§ Activity
If an entry holds a picture, skip the picture but copy everything else exactly.

§ Data in this exercise

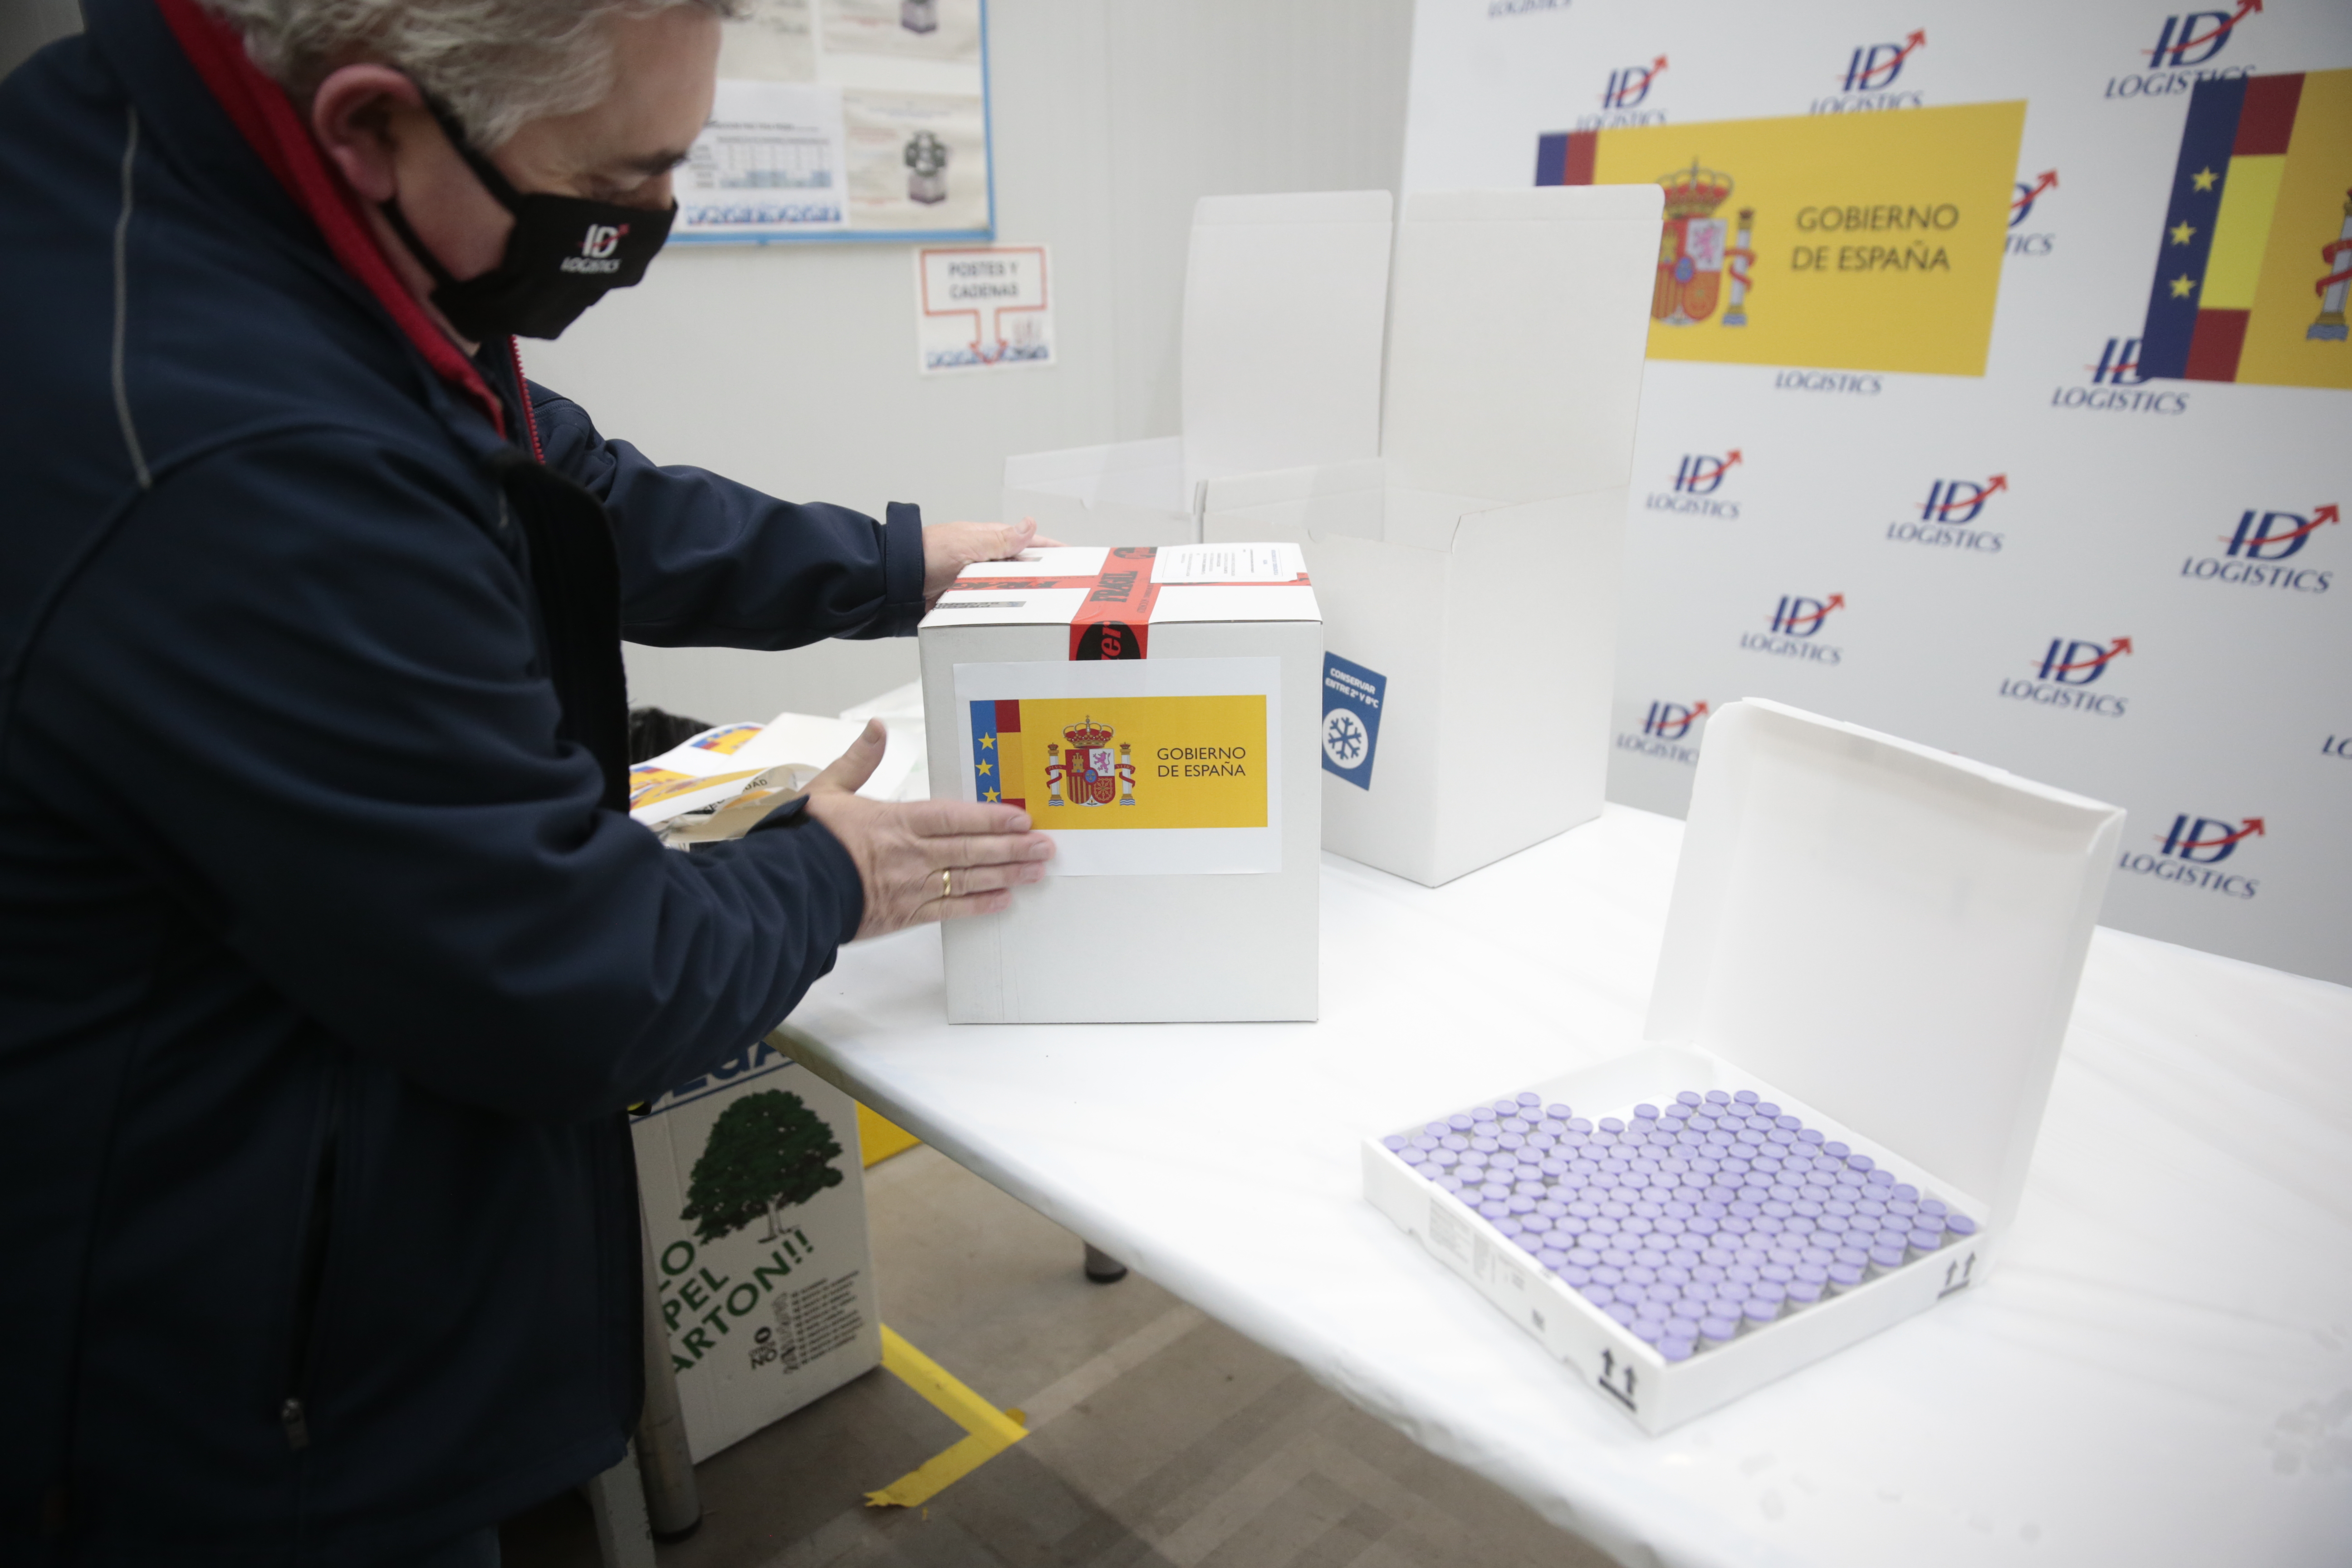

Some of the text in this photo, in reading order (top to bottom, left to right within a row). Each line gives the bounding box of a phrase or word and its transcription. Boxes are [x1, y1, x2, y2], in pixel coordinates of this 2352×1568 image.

[2149, 10, 2233, 69] ID
[1842, 43, 1904, 92] ID
[1603, 66, 1650, 109] ID
[1796, 203, 1960, 233] GOBIERNO
[581, 223, 618, 258] ID
[1790, 240, 1950, 271] DE ESPAÑA
[949, 261, 1004, 277] POSTES
[950, 282, 1019, 299] CADENAS
[1775, 370, 1882, 394] LOGISTICS
[2051, 386, 2190, 415] LOGISTICS
[1673, 454, 1725, 495] ID
[1646, 493, 1740, 518] LOGISTICS
[1921, 479, 1986, 525] ID
[1886, 522, 2005, 554] LOGISTICS
[2225, 509, 2312, 561] ID
[2180, 556, 2333, 593] LOGISTICS
[1770, 595, 1827, 637] ID
[1740, 632, 1844, 666] LOGISTICS
[2036, 637, 2110, 686] ID
[1325, 677, 1350, 695] ENTRE
[1330, 668, 1376, 695] CONSERVAR
[2000, 678, 2129, 717] LOGISTICS
[1644, 700, 1692, 741] ID
[1157, 747, 1246, 760] GOBIERNO
[1617, 733, 1700, 765] LOGISTIC
[1158, 761, 1246, 777] DE ESPAÑA
[2160, 813, 2241, 864] ID
[2119, 851, 2259, 899] LOGISTICS
[663, 1268, 730, 1331] PEL
[671, 1230, 814, 1373] ARTON!!
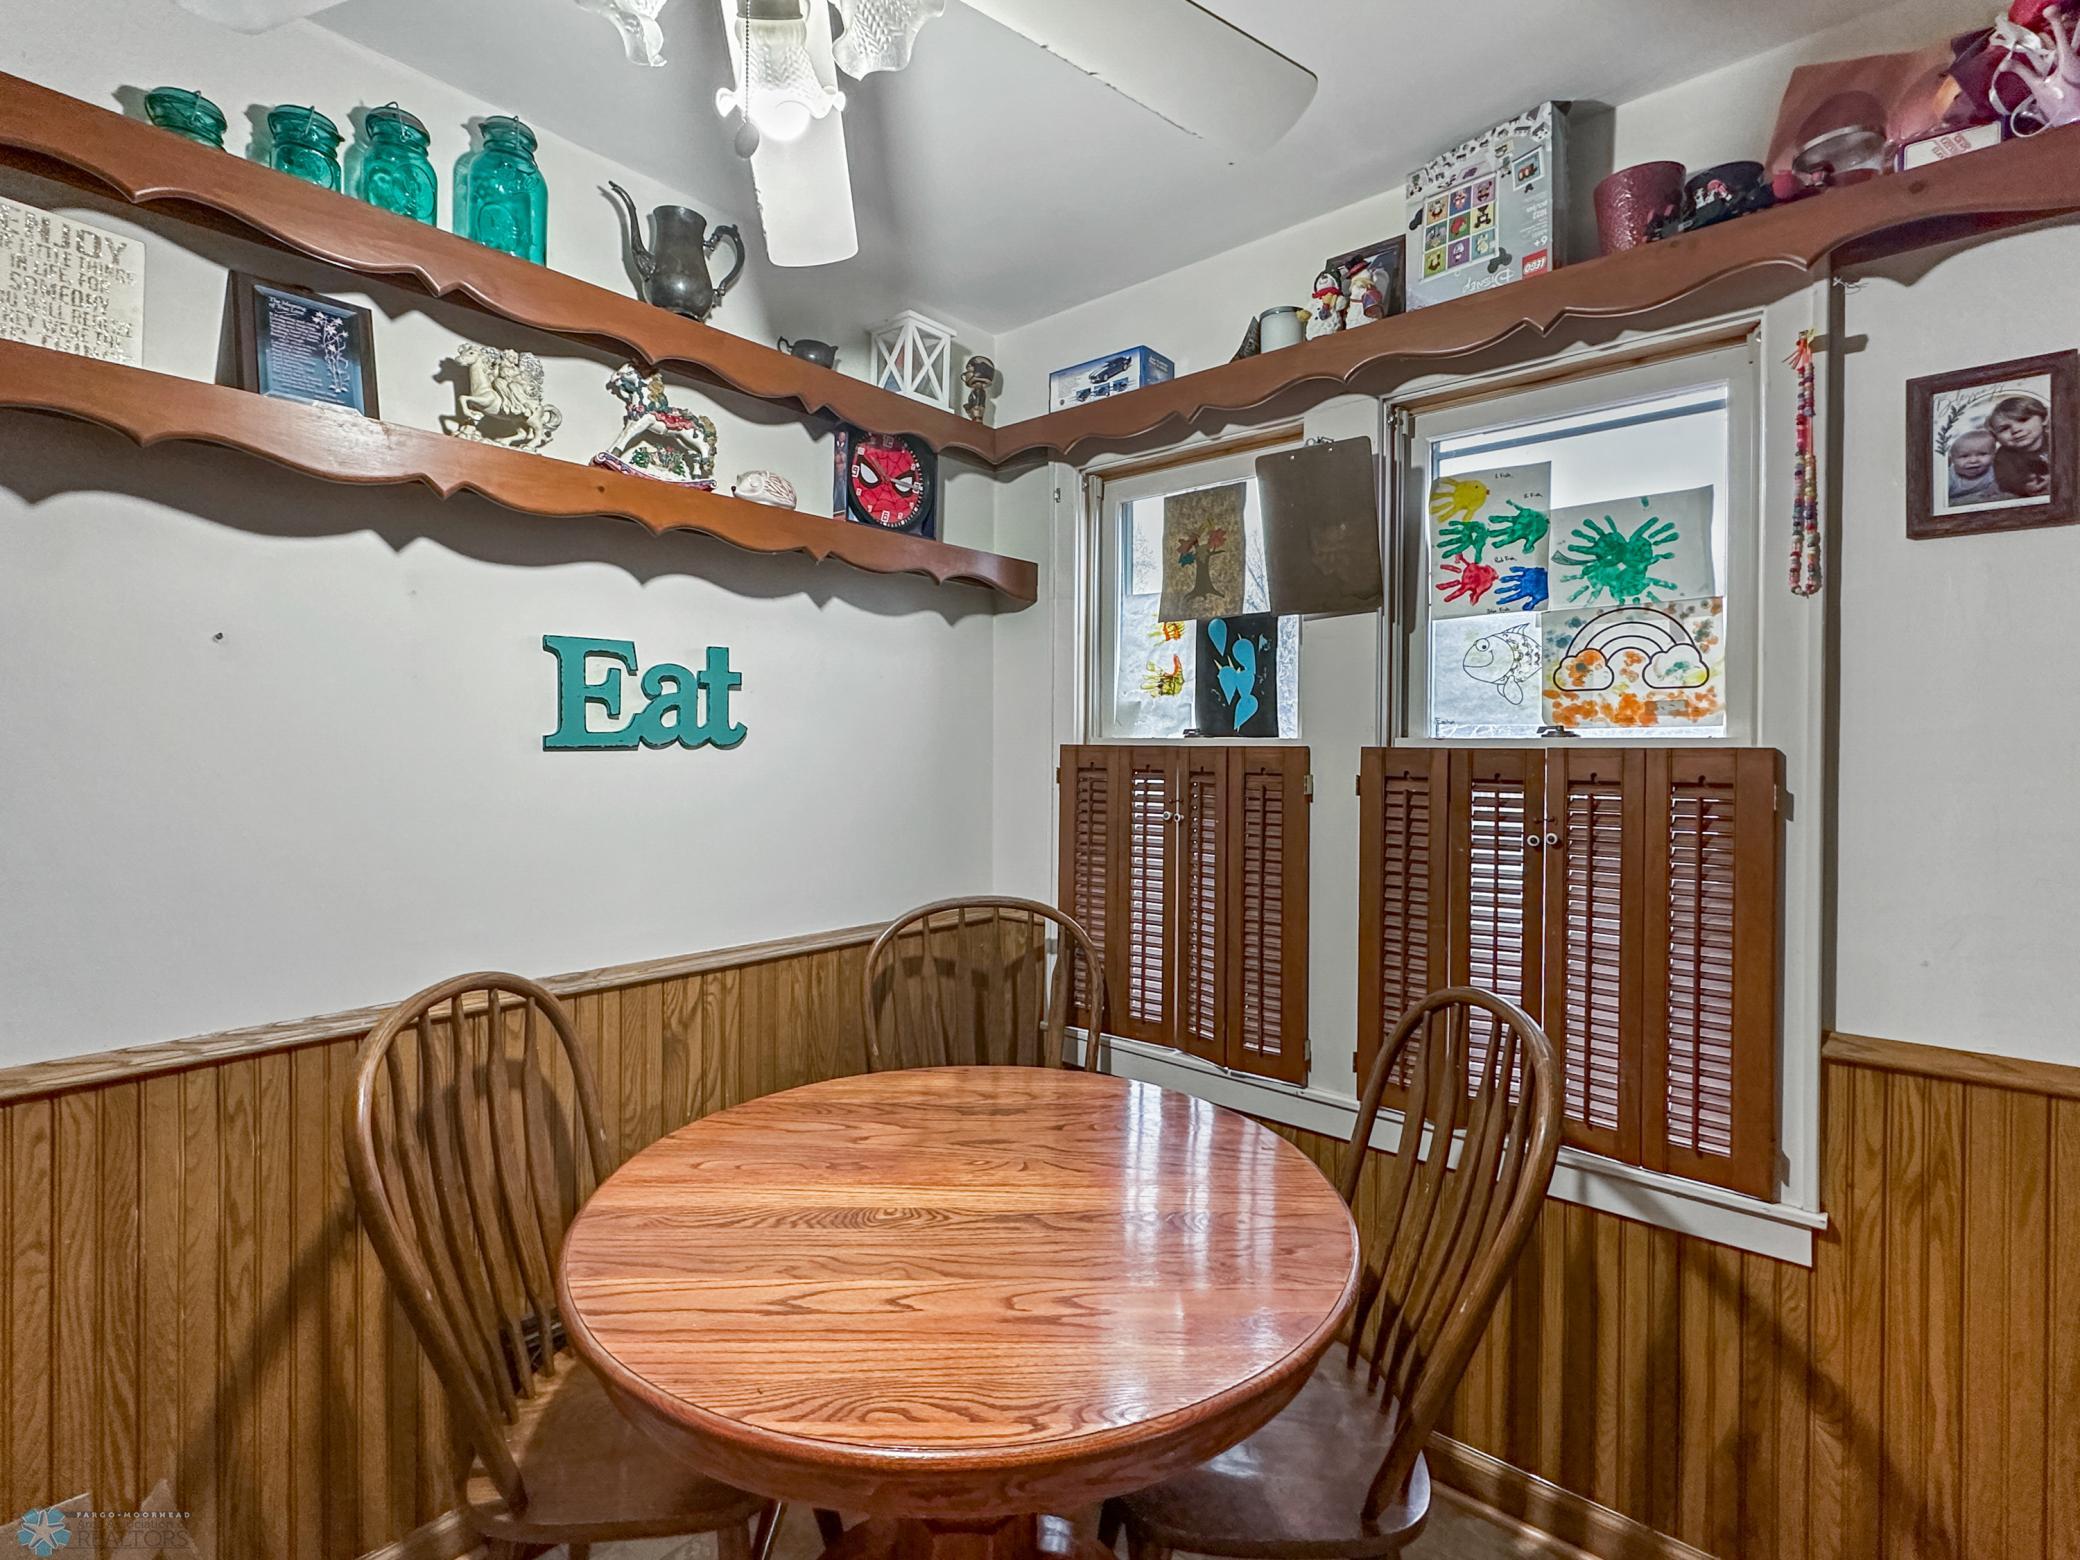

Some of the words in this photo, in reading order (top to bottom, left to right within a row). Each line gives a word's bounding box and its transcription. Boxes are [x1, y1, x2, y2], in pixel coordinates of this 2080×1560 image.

[0, 204, 127, 265] ENJOY
[20, 238, 72, 268] LITTLE
[1523, 256, 1547, 274] LEGO
[79, 272, 111, 294] FOR
[542, 634, 748, 752] Eat

§ Problem solution
Some of the text in this photo, in reading order (top to bottom, left to right within a row). Each line gives the bounding box of a phrase or word and its transcription. Boxes are [x1, y1, x2, y2], in pixel coordinates of this 2352×1568 image.

[2149, 10, 2233, 69] ID
[1842, 43, 1904, 92] ID
[1603, 66, 1650, 109] ID
[1796, 203, 1960, 233] GOBIERNO
[581, 223, 618, 258] ID
[1790, 240, 1950, 271] DE ESPAÑA
[949, 261, 1004, 277] POSTES
[950, 282, 1019, 299] CADENAS
[1775, 370, 1882, 394] LOGISTICS
[2051, 386, 2190, 415] LOGISTICS
[1673, 454, 1725, 495] ID
[1646, 493, 1740, 518] LOGISTICS
[1921, 479, 1986, 525] ID
[1886, 522, 2005, 554] LOGISTICS
[2225, 509, 2312, 561] ID
[2180, 556, 2333, 593] LOGISTICS
[1770, 595, 1827, 637] ID
[1740, 632, 1844, 666] LOGISTICS
[2036, 637, 2110, 686] ID
[1325, 677, 1350, 695] ENTRE
[1330, 668, 1376, 695] CONSERVAR
[2000, 678, 2129, 717] LOGISTICS
[1644, 700, 1692, 741] ID
[1157, 747, 1246, 760] GOBIERNO
[1617, 733, 1700, 765] LOGISTIC
[1158, 761, 1246, 777] DE ESPAÑA
[2160, 813, 2241, 864] ID
[2119, 851, 2259, 899] LOGISTICS
[663, 1268, 730, 1331] PEL
[671, 1230, 814, 1373] ARTON!!

Some of the words in this photo, in reading order (top to bottom, left to right within a row). Each line gives a word's bounding box and its transcription. Boxes are [x1, y1, x2, y2], in pixel coordinates of this 2080×1560 image.

[0, 204, 127, 265] ENJOY
[20, 238, 72, 268] LITTLE
[1523, 256, 1547, 274] LEGO
[79, 272, 111, 294] FOR
[542, 634, 748, 752] Eat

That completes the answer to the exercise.